The water resource system is a complex and large system, and it may be affected by multiple factors. When using the DEA model to evaluate the water use efficiency, often many indexes must be included, and the meanings between the indexes are significantly different. However, when the number of selected indexes is too large, relative to the number of decision making units (DMUs), the results will often indicate that most of the DMUs are effective in their actions, causing the evaluation results to be invalid. Excessively dispersed index meanings can cause the model results to fail to catch the essence of the main problem [20,21]. In order to solve such a problem, this paper proposes an improved DEA model based on the multi-level entropy weight method, and applies this model to analyze the water use efficiency of 31 provinces and municipalities in China in 2017.

2. Method

In general, using the DEA model, the indexes are grouped into two categories, namely, input indexes and output indexes. The index’s value is substituted into the DEA model to calculate the relative efficiency of each DMU. The method utilized in this paper synthesizes a new set of indexes based on the original indexes. This method essentially replaces the original indexes with the new synthetic indexes and applies them in the DEA model. Through such modification, the problem that too many input indexes are relative to the DMUs can be resolved, and the synthetic indexes have more prominent and clear meanings [22,23].

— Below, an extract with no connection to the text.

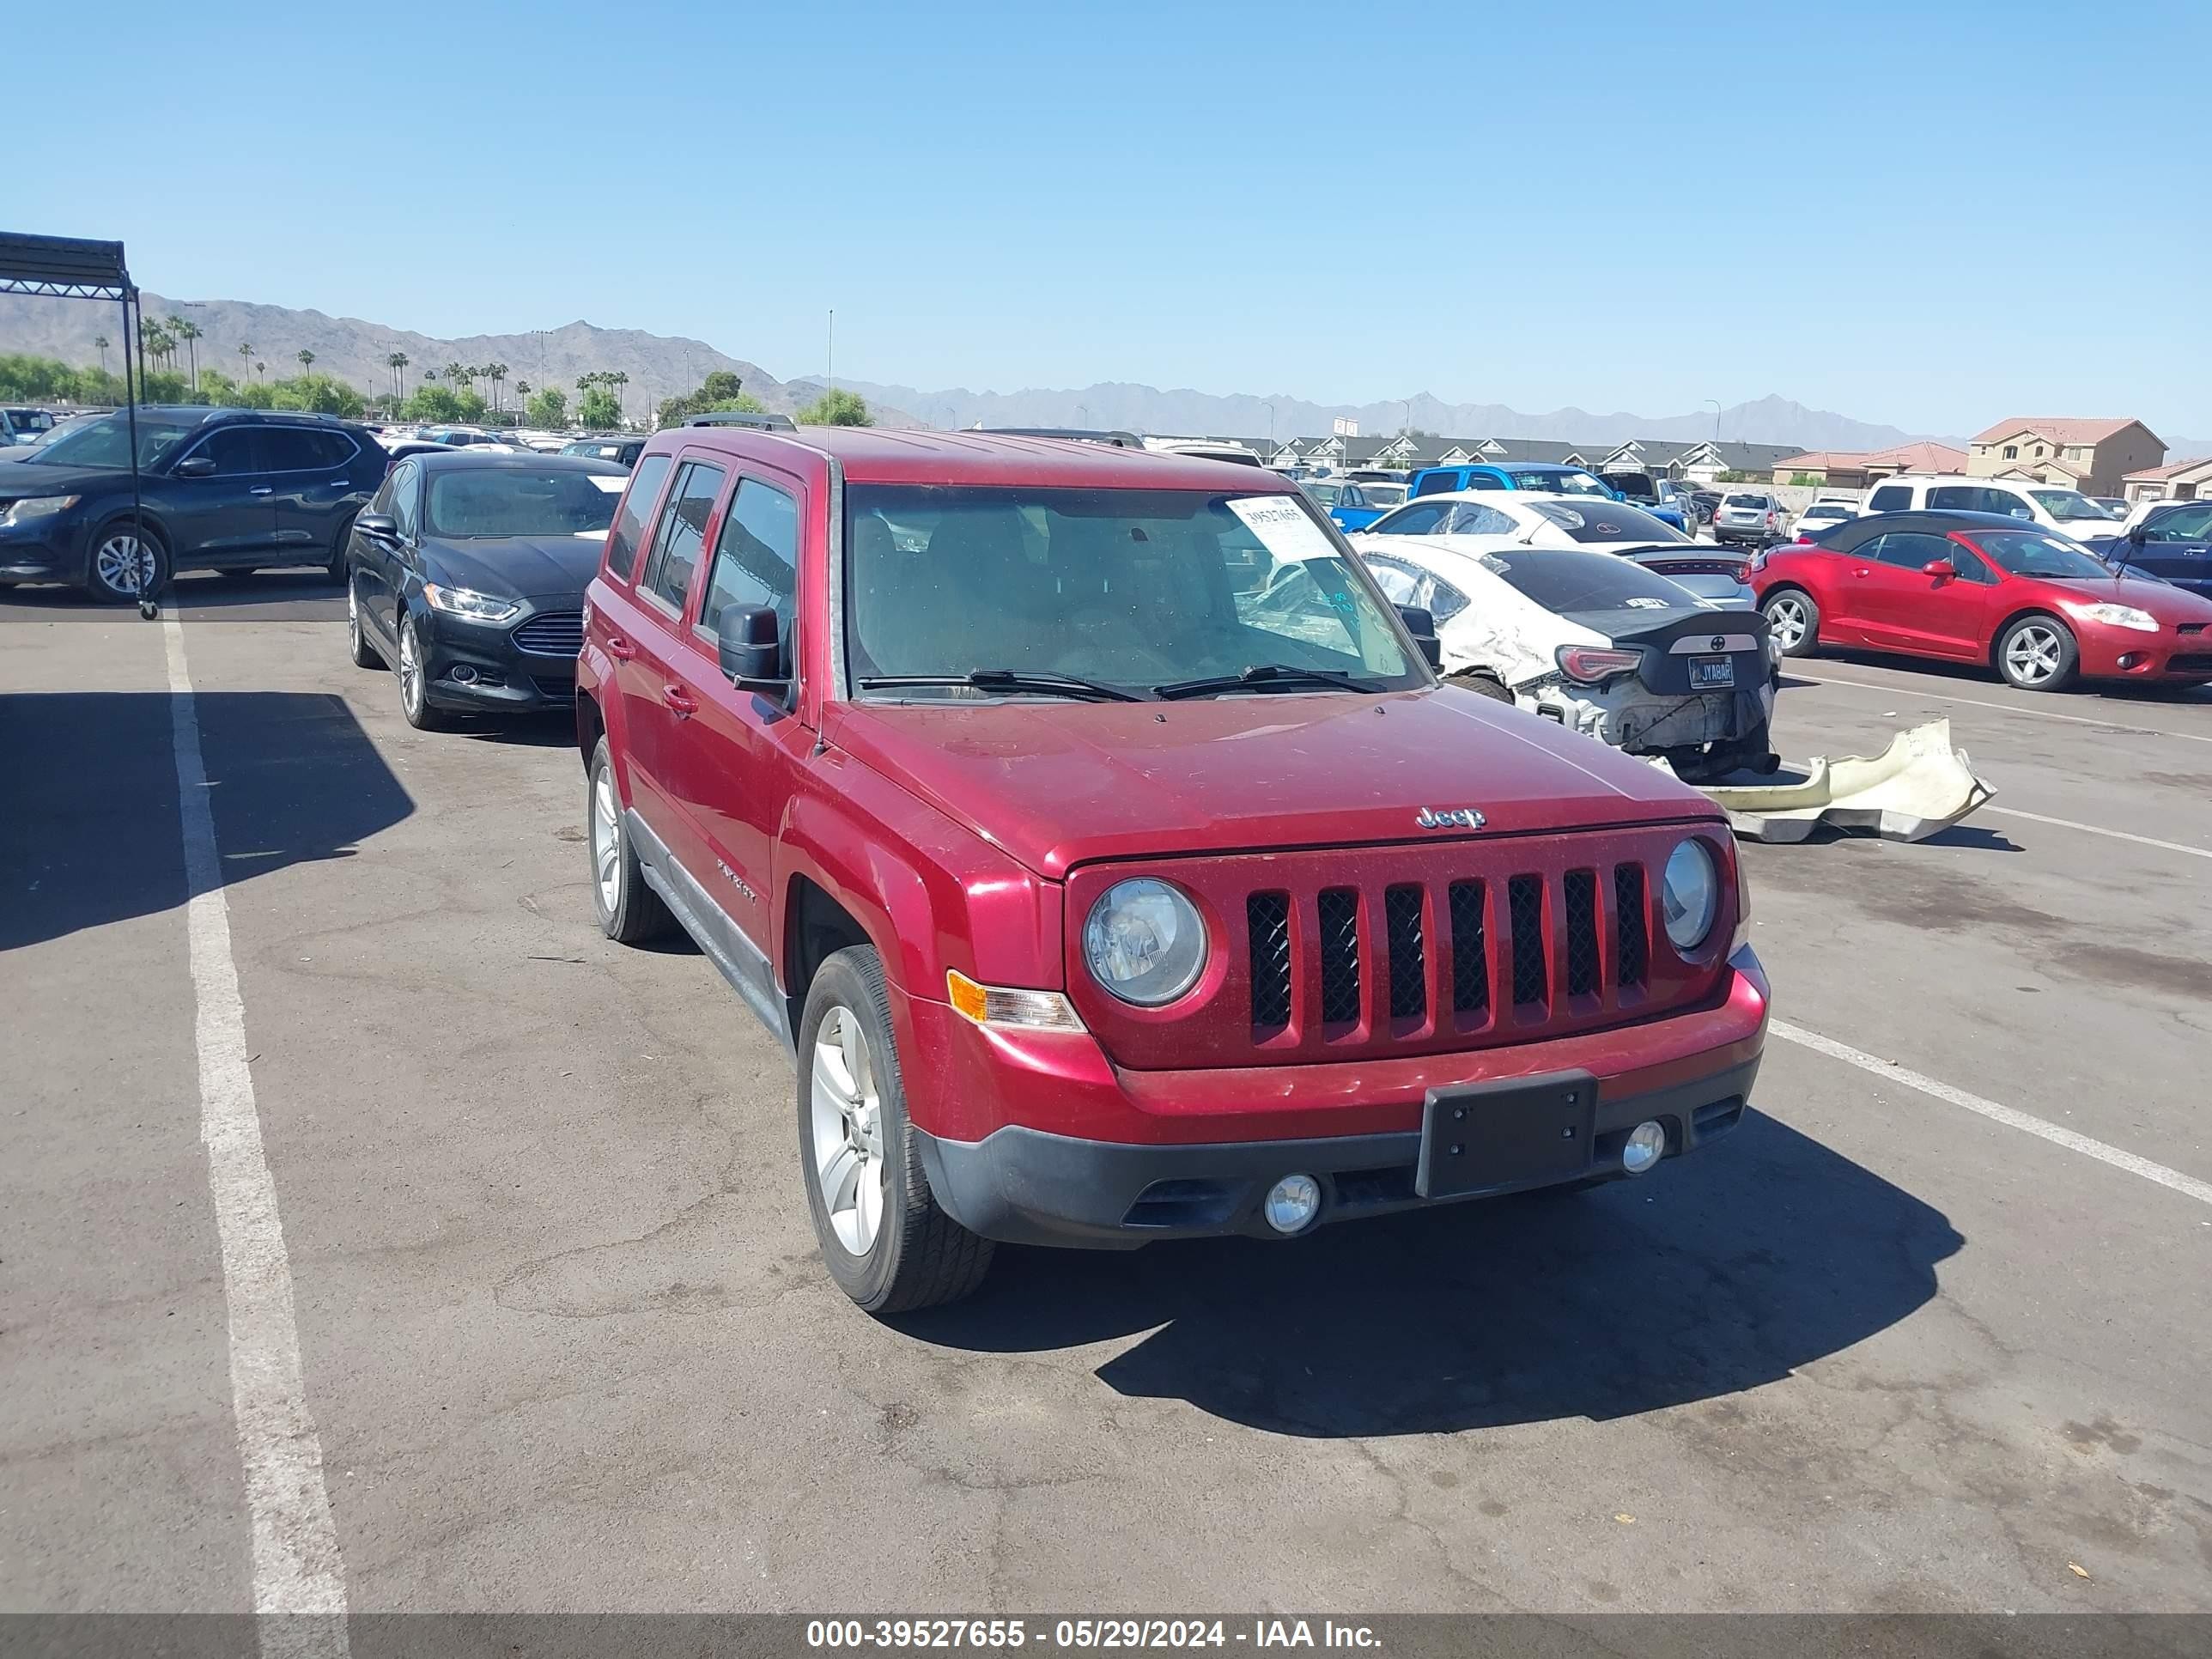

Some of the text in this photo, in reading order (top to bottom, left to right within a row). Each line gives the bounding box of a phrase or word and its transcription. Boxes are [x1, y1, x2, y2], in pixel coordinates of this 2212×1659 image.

[1246, 508, 1303, 525] 39527655
[1702, 663, 1732, 682] JYA8AR
[1415, 806, 1486, 830] Jeep

2.1. Selection and Synthesis of Indexes

In order to evaluate the water use efficiency of 31 provinces and municipalities in China, this paper selects 23 original indexes and divides them into 6 categories according to their actual meanings. All rare data are collected from the China Statistical Yearbook 2017. These 6 categories are defined as new synthetic indexes. The specifications and meanings are shown in

Table 1. Synthesis indexes and meaning.

	Synthetic Index	Index Meaning	Original Index
Input Index	Water conservancy investment	Indicates the combined input of DMUs in water supply facilities	Water supply pipe length
			Water conservancy fixed asset investment
	Comprehensive water consumption	Indicates the intensity of integrated water use in DMUs	Agricultural water consumption
			Industrial water consumption
			Domestic water consumption
			Ecological water consumption
			Per capita water
	Integrated water pollution load	Indicates the level of integrated pollutant emissions from DMUs	Total wastewater discharge
			Chemical oxygen demand (COD)
			Ammonia nitrogen
			Total nitrogen
			Total phosphorus
Output Index	Water endowment	Indicates the level of natural water resources in DMUs	Surface water resources
			Groundwater resources
			Per capita water resources
	Comprehensive economic output	Responds to the overall economic output of each DMU	Primary industry output value
			Secondary industry output value
			Tertiary industry output value
			Per capita GDP
			Number of employed people
	Integrated crop yield	Responds to the overall crop yield level of each DMU	Effective irrigated area
			Grain production
			Per capita grain production

.

In selecting the input and output indexes for the DEA model, the inputs of DMU, which include the corresponding indexes that have a negative impact on the overall system, are taken as the input indicators. Conversely, the outputs of DMU, which can exert a positive effect on the system, are used as output indicators. In particular, we regard the integrated water pollution load as the input index of the DEA model, and the water endowment as the output indicator. According to Table 1, we then calculate the values of each synthetic index and the weighted average of the original indicators included in each synthetic index [24]. In order to avoid the influence of subjective empowerment on the results and to retain the information contained in the original indicators as much as possible, this paper uses the entropy weight method to calculate the weights.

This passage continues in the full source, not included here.